- Born: Adalbert Thomas Belejcak March 7, 1903 Braddock, Pennsylvania, United States
- Died: January 17, 1961 (aged 57)
- Occupation: Novelist

= Thomas Bell (novelist) =

American novelist

Thomas Bell (Note: Томас Белл) (March 7, 1903 – January 17, 1961, born Adalbert Thomas Belejcak) (Note: Адалберт Томаш Белейчак) was an American novelist of Lemko origin.

== Biography ==
Bell was born Adalbert Thomas Belejcak on March 7, 1903, in Braddock, Pennsylvania, United States, of immigrant Lemko Rusyn parents (Mary Krachun and Michael Belejcak) from the village of Nižný Tvarožec, now Slovakia (former Austro-Hungarian Empire). He worked in the steel mills there, beginning at the age of fifteen as an apprentice electrician. In 1922 Bell moved to New York City and worked variously as a mechanic, a merchant seaman, and a bookstore clerk.

His first novel, The Breed of Basil, was published in 1930. From 1933 he devoted all of his time to writing, completing five more novels: The Second Prince (1935), All Brides Are Beautiful (1936) (produced as a 1946 film called From This Day Forward), Out of This Furnace (1941), Till I Come Back to You (1943) (which had a life on Broadway as The World's Full of Girls), and There Comes a Time (1946).

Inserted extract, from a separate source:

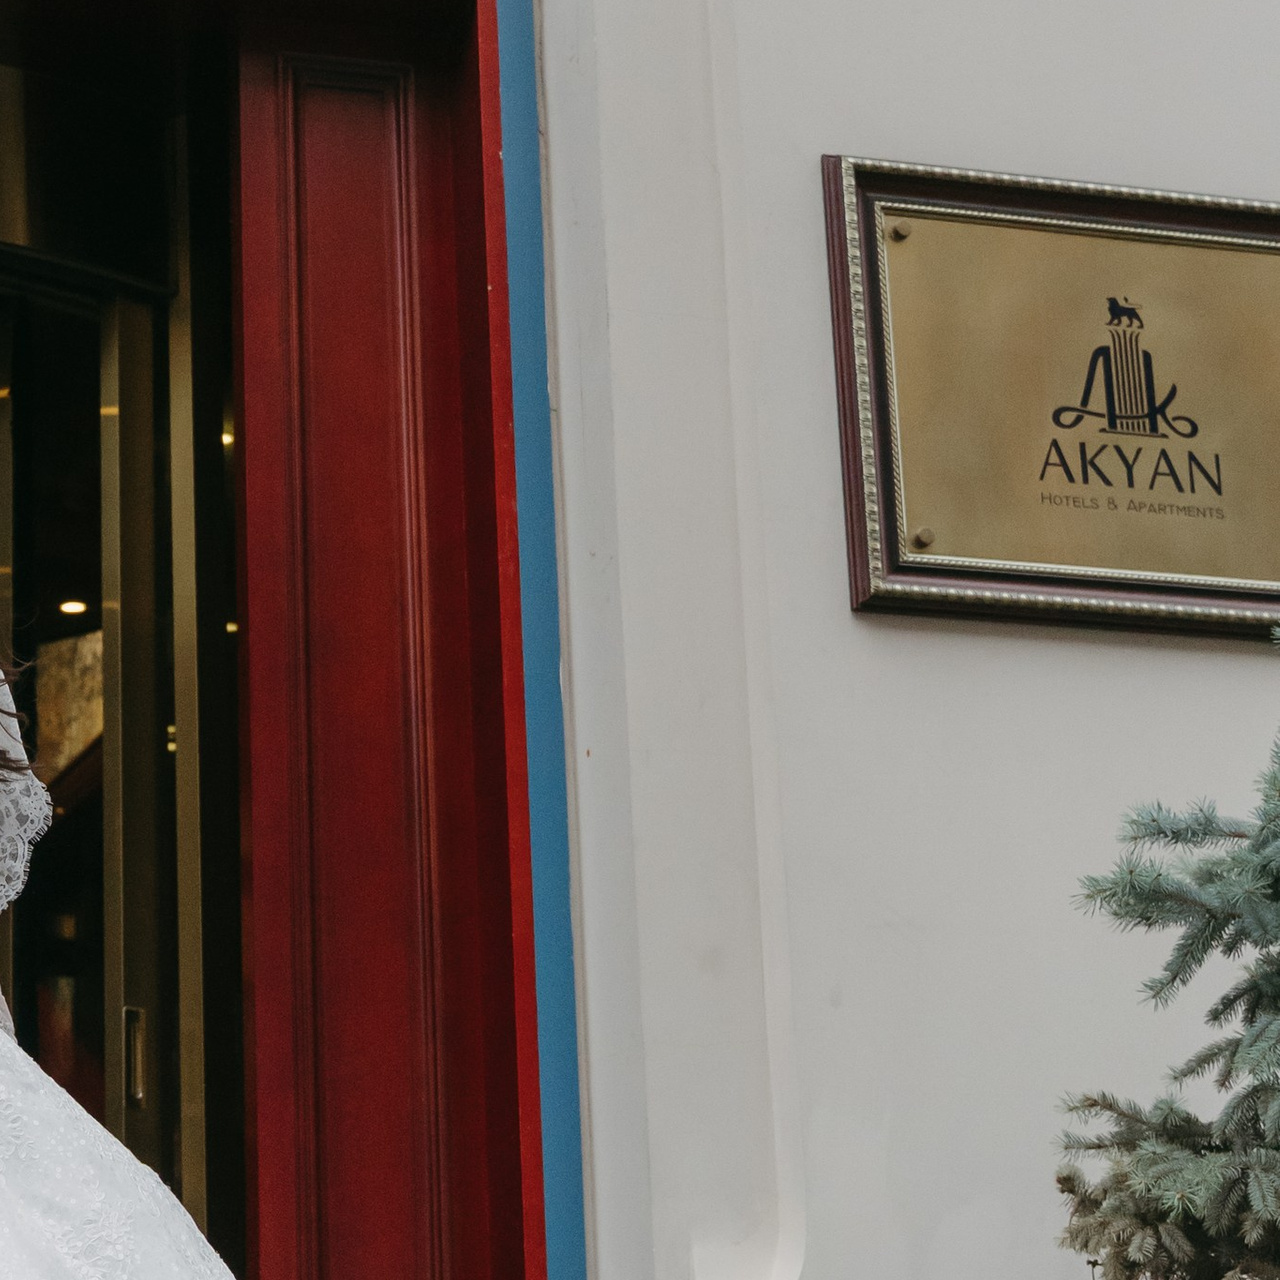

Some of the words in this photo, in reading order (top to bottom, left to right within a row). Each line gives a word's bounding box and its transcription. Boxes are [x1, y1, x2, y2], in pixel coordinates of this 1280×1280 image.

[1039, 438, 1223, 496] AKYAN
[1040, 491, 1099, 510] HOTELS
[1107, 498, 1119, 511] &
[1126, 498, 1225, 520] APARTMENTS

Bell, with his wife Marie, moved to California in 1955. He died from cancer on January 17, 1961, his own account of which - In the Midst of Life - was published posthumously that same year by Atheneum. Bell's reputation as a writer increased dramatically in 1976 when the University of Pittsburgh Press reissued Out of This Furnace to wide acclaim.